‘Othello looks at the sleeping Desdemona. He is moved by her innocent beauty.
He is at the same time troubled by what he sees as the shocking contrast between her heavenly appearance and her sinful soul.
The only way he can bring himself to kill her is to convince himself that he is acting for the general good.
He sheds involuntary tears, but he feels compelled to set aside his human reaction and kill the one he loves.
He tells the awakened Desdemona to pray for her soul.
He interrogates her in a legal-style process in which he plays the parts of judge, counsel for the prosecution and jury.
The language is that of the courtroom and the confessional. Desdemona meets his charges against her with a straightforward denial.

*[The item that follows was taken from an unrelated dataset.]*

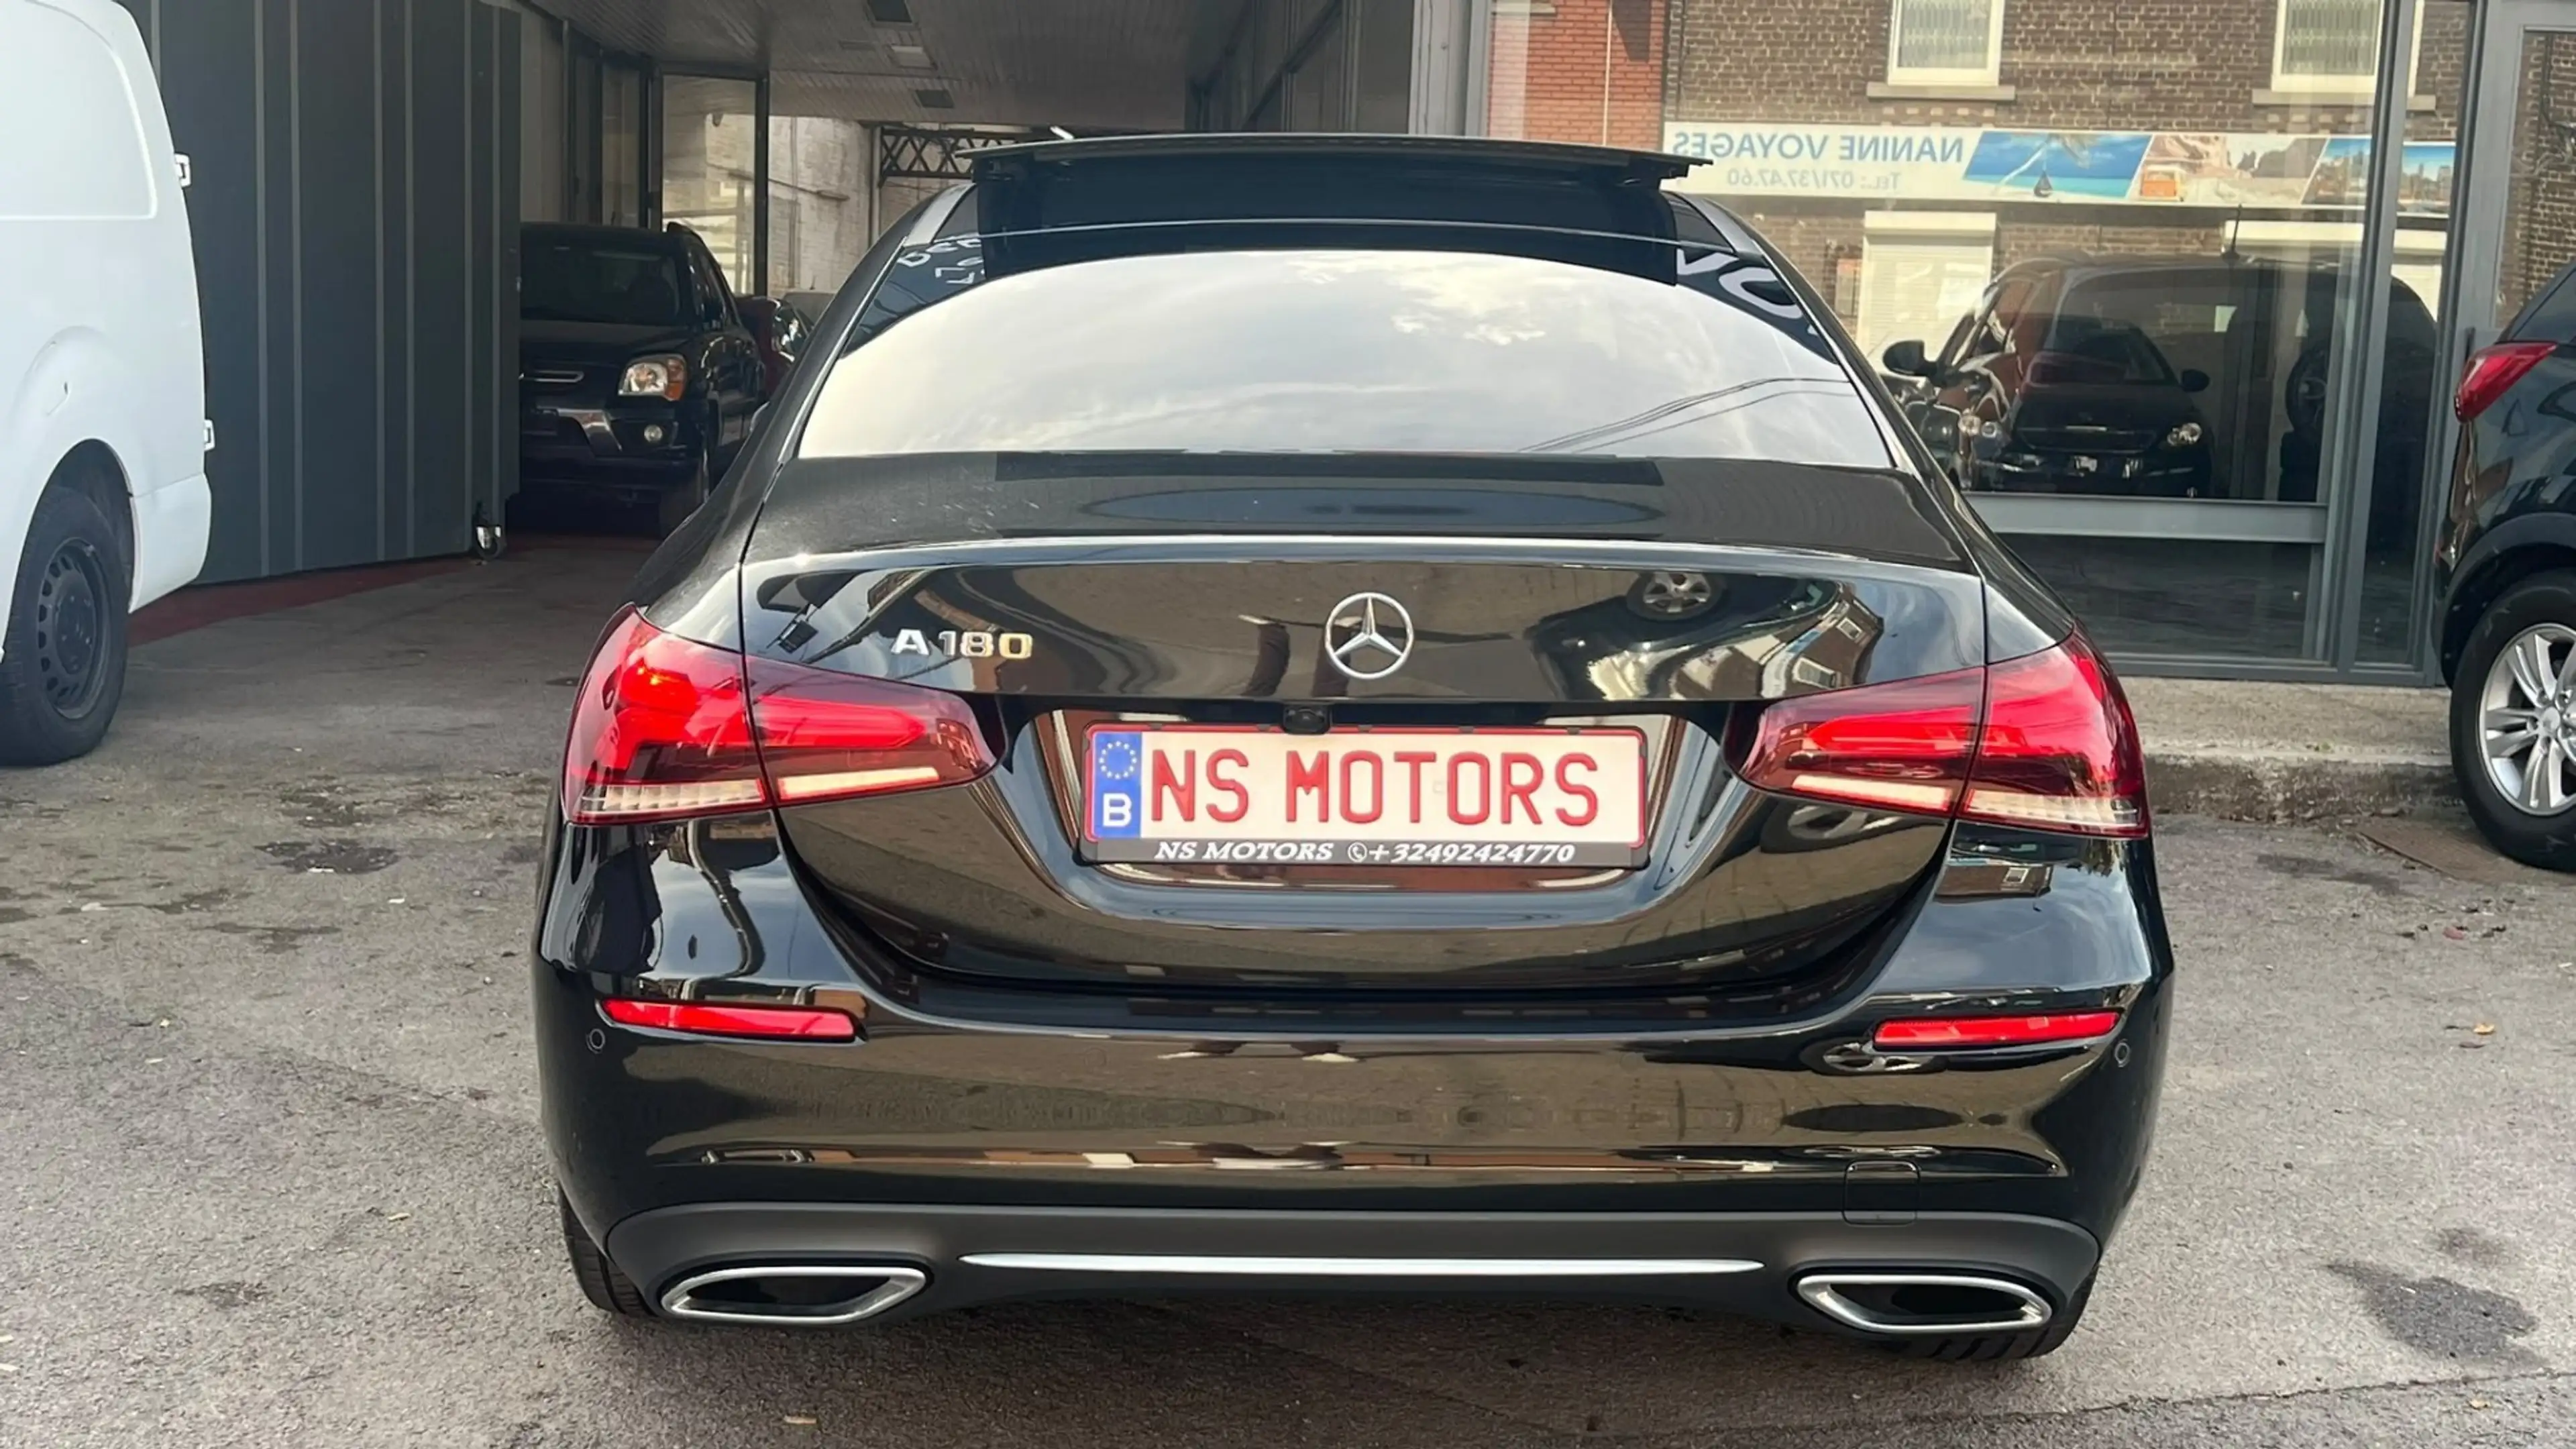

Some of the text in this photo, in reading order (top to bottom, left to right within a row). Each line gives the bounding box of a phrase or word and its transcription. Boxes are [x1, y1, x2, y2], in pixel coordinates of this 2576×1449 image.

[890, 628, 1034, 659] A 180
[1150, 748, 1599, 827] NS MOTORS
[1102, 792, 1132, 827] B
[1154, 841, 1576, 864] NS MOTORS +32492424770

Othello’s patience begins to give way.
Her grief when he mentions Cassio’s supposed death destroys his self-control and seals her fate.

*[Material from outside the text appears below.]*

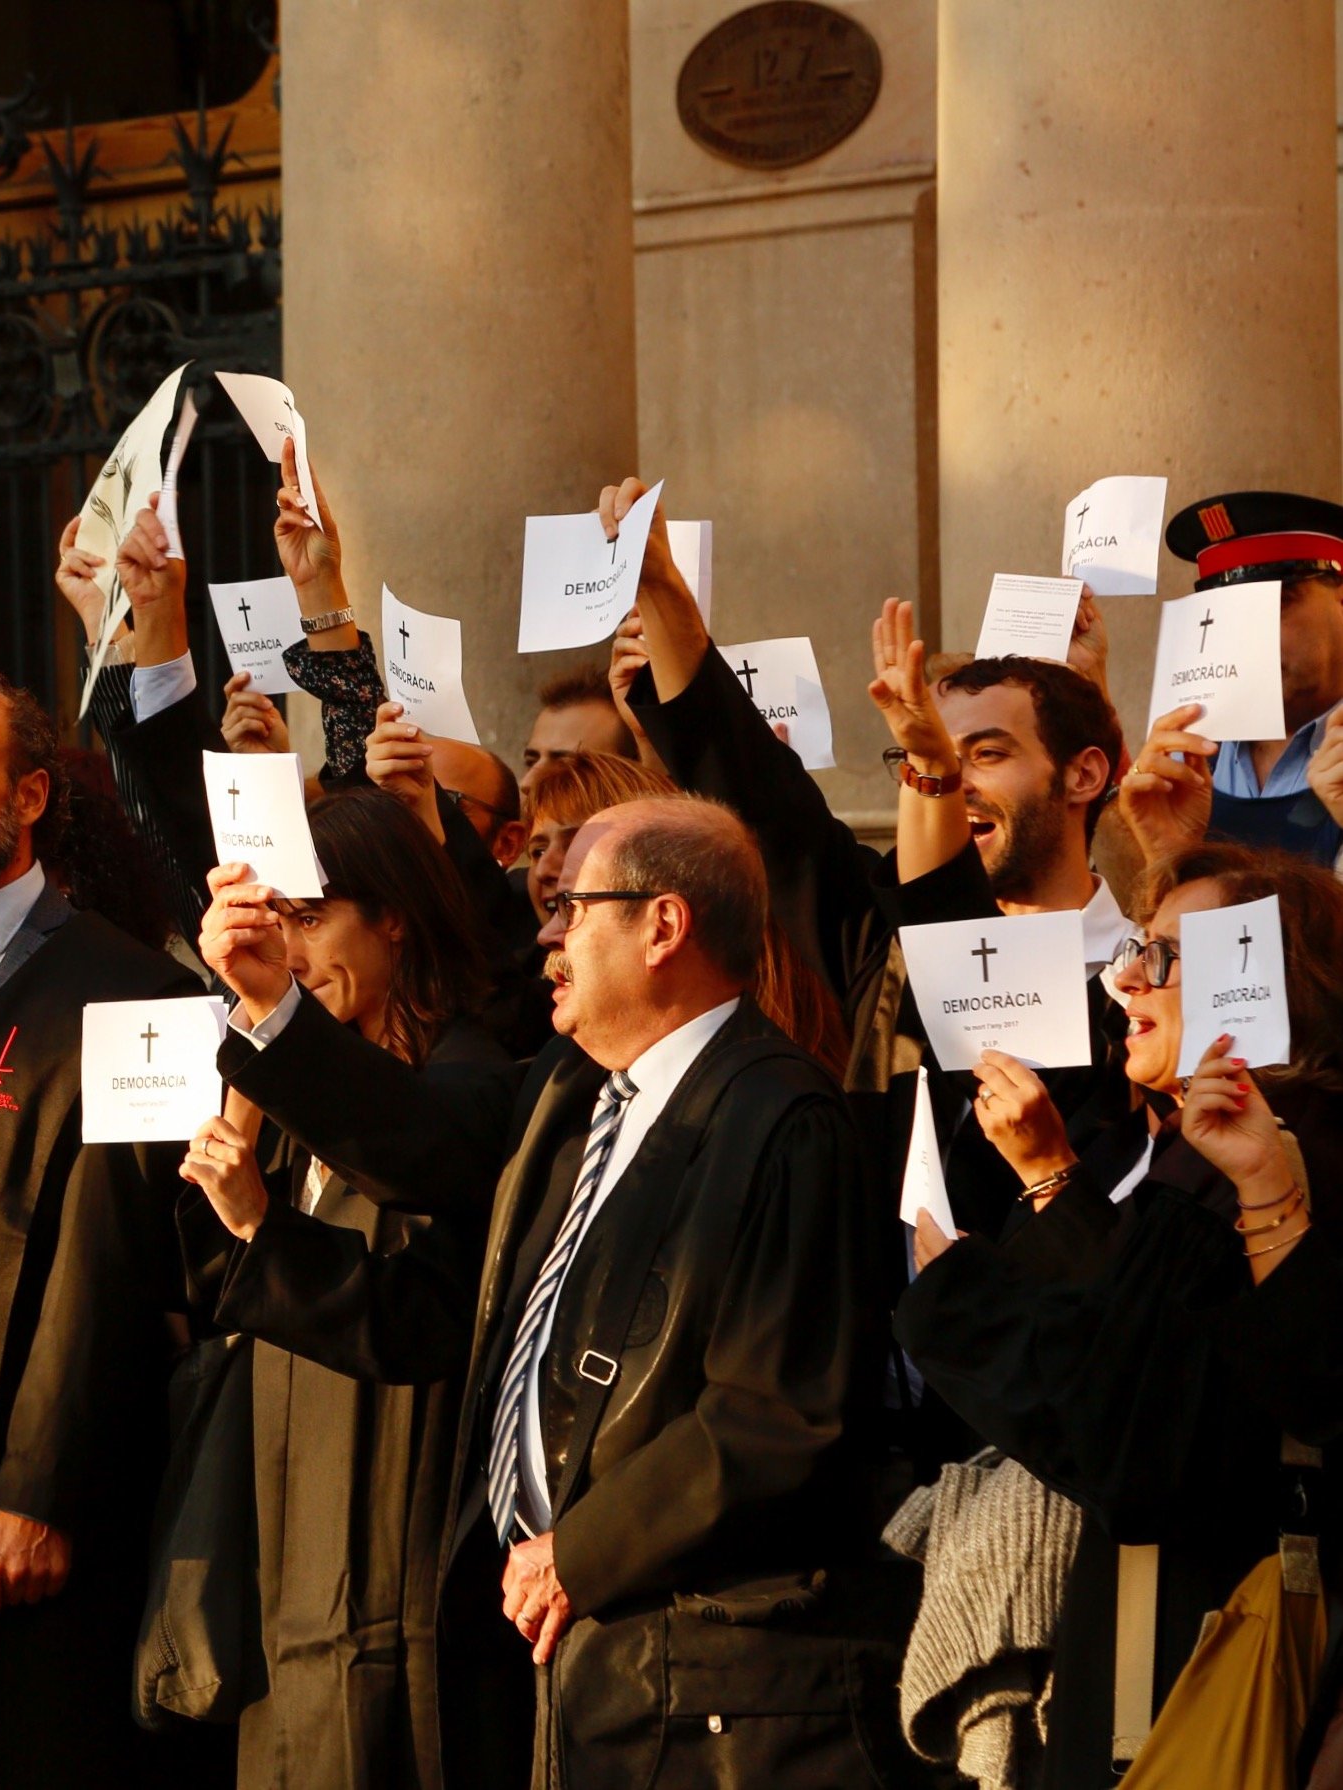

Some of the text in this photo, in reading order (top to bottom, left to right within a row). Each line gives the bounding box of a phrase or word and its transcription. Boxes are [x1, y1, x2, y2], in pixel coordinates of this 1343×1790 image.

He will not now give her time to pray. He kills her in a blind rage.
As Othello strangles Desdemona, Emilia knocks at the door. When, after some delay, Othello lets Emilia in, she gives him the false news that Cassio has killed Roderigo. Desdemona’s dying cries attract Emilia’s attention. The murdered wife expires with words of love for her husband and a pathetic attempt to free him from responsibility for her death. Emilia courageously defies Othello and curses Iago’s villainy. She shouts for help. Montano, Gratiano and Iago arrive. For the first time Iago must face in public someone who knows the truth about his schemes. Emilia presses home her case with convincing urgency. Iago betrays himself in a futile display of murderous violence, stabs Emilia to death, and tries to escape. When he is brought back, Othello wounds him. Lodovico produces evidence implicating both Iago and Roderigo in the attempts on Cassio’s life. Othello is relieved of his position in Cyprus, and Cassio is appointed in his place. The truth dawns on Othello and he dies by his own hand. It is left to Cassio to decide the fate of Iago.’